On Dec. 2, 1942, Fermi’s reactor ー under the squash court at the University of Chicago ー went critical to become the first self-sustaining nuclear reaction.

Fermi would eventually work on the Manhattan Project, to develop nuclear weapons and the Atomic Energy Commission.

Like many early nuclear scientists, Fermi died of cancer at the young age of 53.

Eventually, in 1951, Walter Zinn connected a Fermi reactor to the rest of the equipment needed to generate electricity. This created the first working nuclear power plant.

Electron Microscope

Electron microscopes enable scientists to see extremely small particles.

In the 1920s, scientists discovered that electrons in a vacuum behave much like light except they can be manipulated with electric and magnetic fields. Since electrons curve around particles, these electron microscopes are vastly more powerful than traditional light-based microscopes.

Ruska invented the electron microscope at Siemens, as an employee. Eventually, he eventually left to serve as director of the Fritz Haber Institute then as a professor at the Technical University of Berlin. Although the microscope worked it did not produce especially useful images.

Eventually, Max Knoll invented the first Transmission Electron Microscope, refining Ruska’s invention. Knoll’s microscope produced vivid images. Later enhancements included the Scanning Tunneling Microscope.

Ruska won the Nobel Prize for physics in 1986.

Marine Chronometer

This device, an accurate clock that works on ships, allows sailors to much more accurately navigate. Before this innovation, sailors had to guess, and it was common for ships to miss their destination on a journey by hundreds of miles. This device reduced the risk and cost of long journeys by ship, lowering the cost of long-distance trade. Modern GPS also relies on extremely accurate timers.

History

Sun and star positioning allowed ships to determine latitude with reasonable accuracy but not longitude.

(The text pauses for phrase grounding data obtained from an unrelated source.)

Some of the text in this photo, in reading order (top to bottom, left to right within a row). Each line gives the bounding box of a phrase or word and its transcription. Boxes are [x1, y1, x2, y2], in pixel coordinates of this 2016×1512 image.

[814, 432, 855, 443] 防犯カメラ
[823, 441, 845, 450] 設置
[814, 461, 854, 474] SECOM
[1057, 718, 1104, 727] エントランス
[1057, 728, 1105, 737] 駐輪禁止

Before the marine chronometer, the only way to determine longitude required a highly accurate clock. Except that the only clicks in existence relied on pendulums, which do not work at sea. Due to this, sailors often veered off course by a long distance. It was not unheard of to sail to the wrong country, which might be at war with a ships intended destination.

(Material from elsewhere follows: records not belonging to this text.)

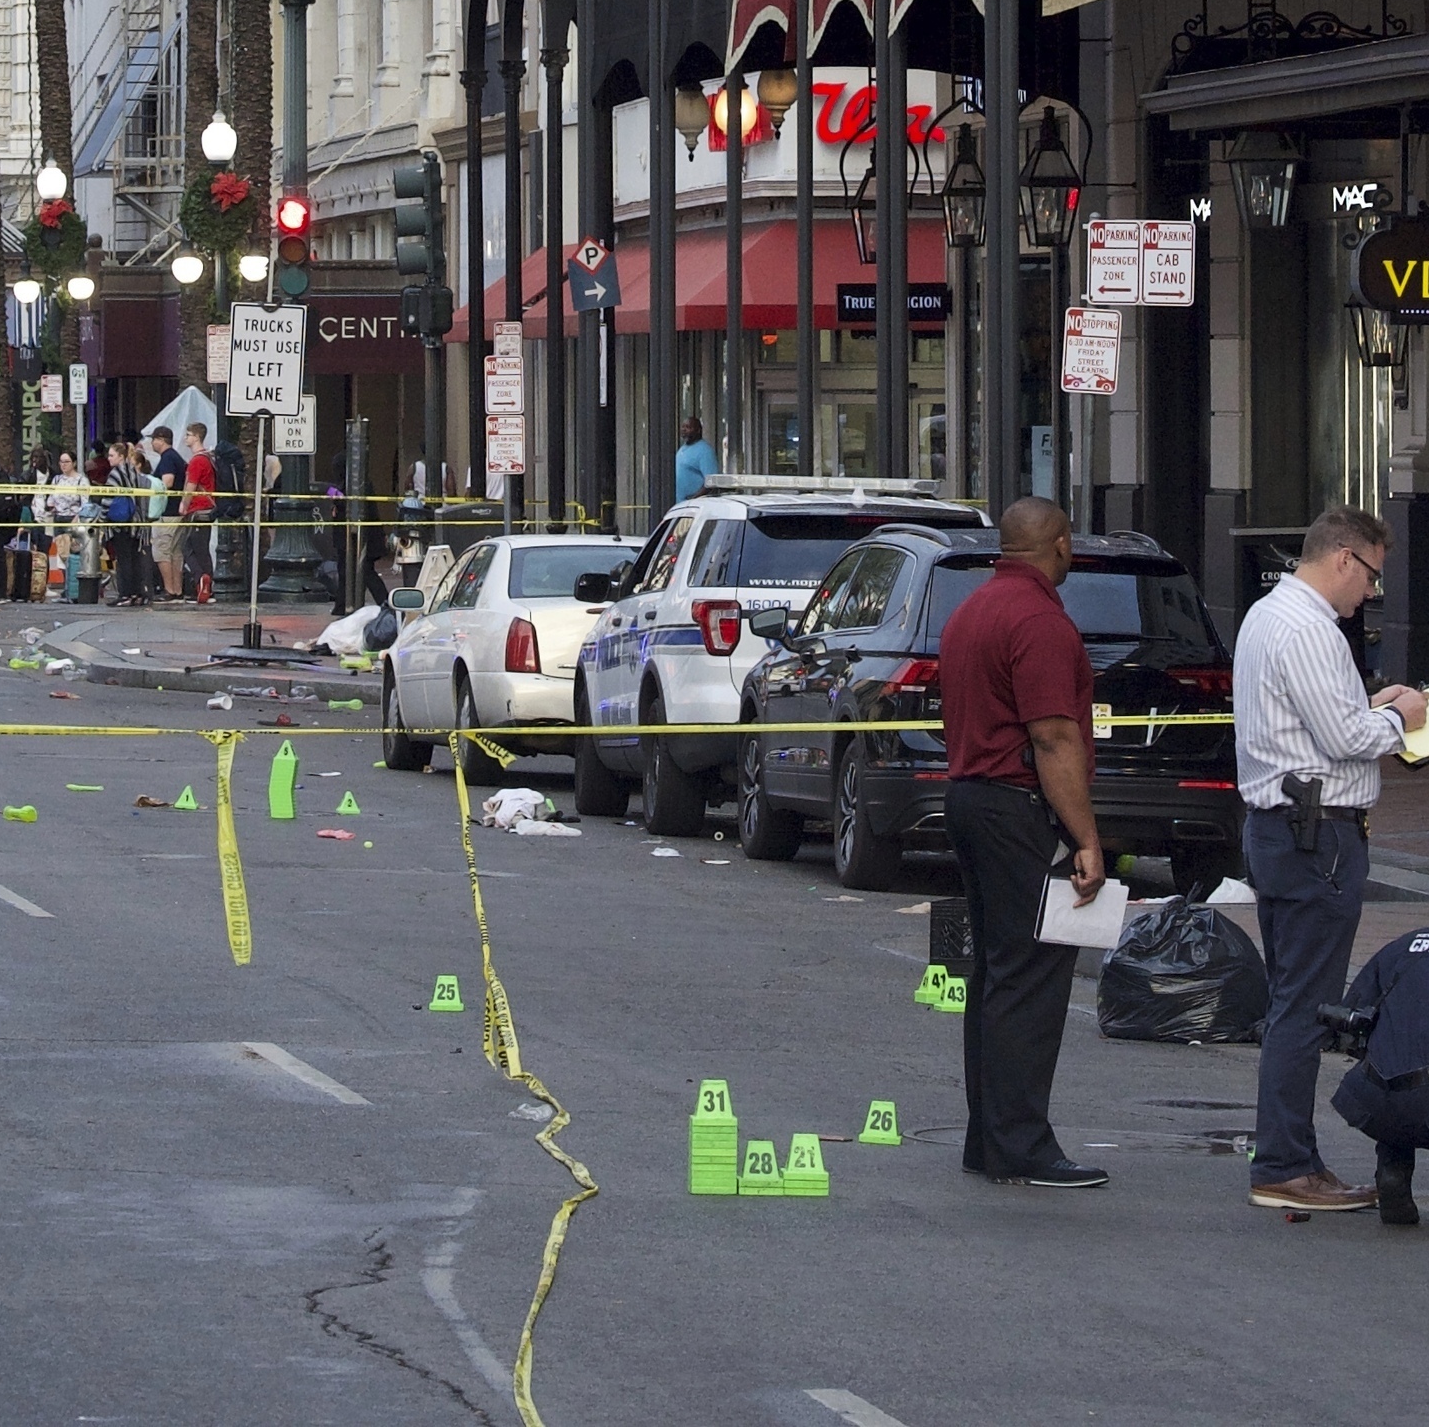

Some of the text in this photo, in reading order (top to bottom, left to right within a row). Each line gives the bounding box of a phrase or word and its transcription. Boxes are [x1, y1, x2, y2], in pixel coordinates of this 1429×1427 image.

[1332, 183, 1378, 213] MAC
[1090, 228, 1139, 243] NO PARKING
[1143, 228, 1192, 244] NO PARKING
[585, 246, 599, 264] P
[1092, 256, 1137, 265] PASSENGER
[1156, 254, 1179, 267] CAB
[1103, 272, 1125, 281] ZONE
[1150, 272, 1186, 285] STAND
[843, 295, 942, 309] TRUE IGION
[244, 319, 293, 333] TRUCKS
[1067, 315, 1118, 331] NO STOPPING
[233, 339, 301, 354] MUST USE
[1068, 338, 1084, 347] 6:30
[1077, 349, 1106, 357] FRIDAY
[486, 361, 497, 371] NO
[1078, 358, 1104, 366] STREET
[248, 362, 284, 377] LEFT
[1072, 366, 1109, 375] CLEANING
[246, 387, 283, 402] LANE
[287, 428, 302, 436] ON
[285, 439, 304, 447] RED
[1261, 571, 1280, 581] CRO
[746, 599, 792, 611] 16004
[932, 973, 946, 989] 41
[437, 984, 456, 1001] 25
[947, 986, 965, 1003] 43
[703, 1090, 725, 1112] 31
[869, 1110, 893, 1131] 26
[748, 1152, 773, 1174] 28

In one notable accident, the Scilly Naval Disaster of 1707, England lost four ships and 1,400-2,000 men after a longitude navigation error. After that, the English parliament floated a £20,000 prize (an enormous amount of money) to anybody who could make an accurate clock that worked at sea.

Pushback From Professionals

Harrison, a self-educated clockmaker, built a spring-loaded clock that enabled sailors to accurately determine the longitude making navigation more precise and safer. Harrison built four versions, H1-H5[1], over 46 years. Harrison’s clock was so accurate and reliable that even the earliest prototype continues working today: https://www.youtube.com/watch?v=_mRTMZ3pTtM

Despite that Harrison’s clock repeatedly passed tests, aristocratic judges rejected it. The judges were members of an exclusive click making society, Worshipful Company of Clockmakers. As a self-taught inventor, Harrison did not belong and they argued his clock failed to meet their criteria. Modern engineers have determined these rejections were in bad-faith: that Harrison’s clock worked.

Capt. James Cook attributed his ability to circumnavigate the globe to Harrison’s H4 clock. Despite this, the clockmaking judge panel refused to agree the clock was good enough. Eventually, a portion of the prize was paid as outraged legislators and King George III intervened, but Harrison was never awarded the entire prize.

[1] H1-H3 were large spring clocks; pendulum style clocks that used springs. H4-5 were timepieces.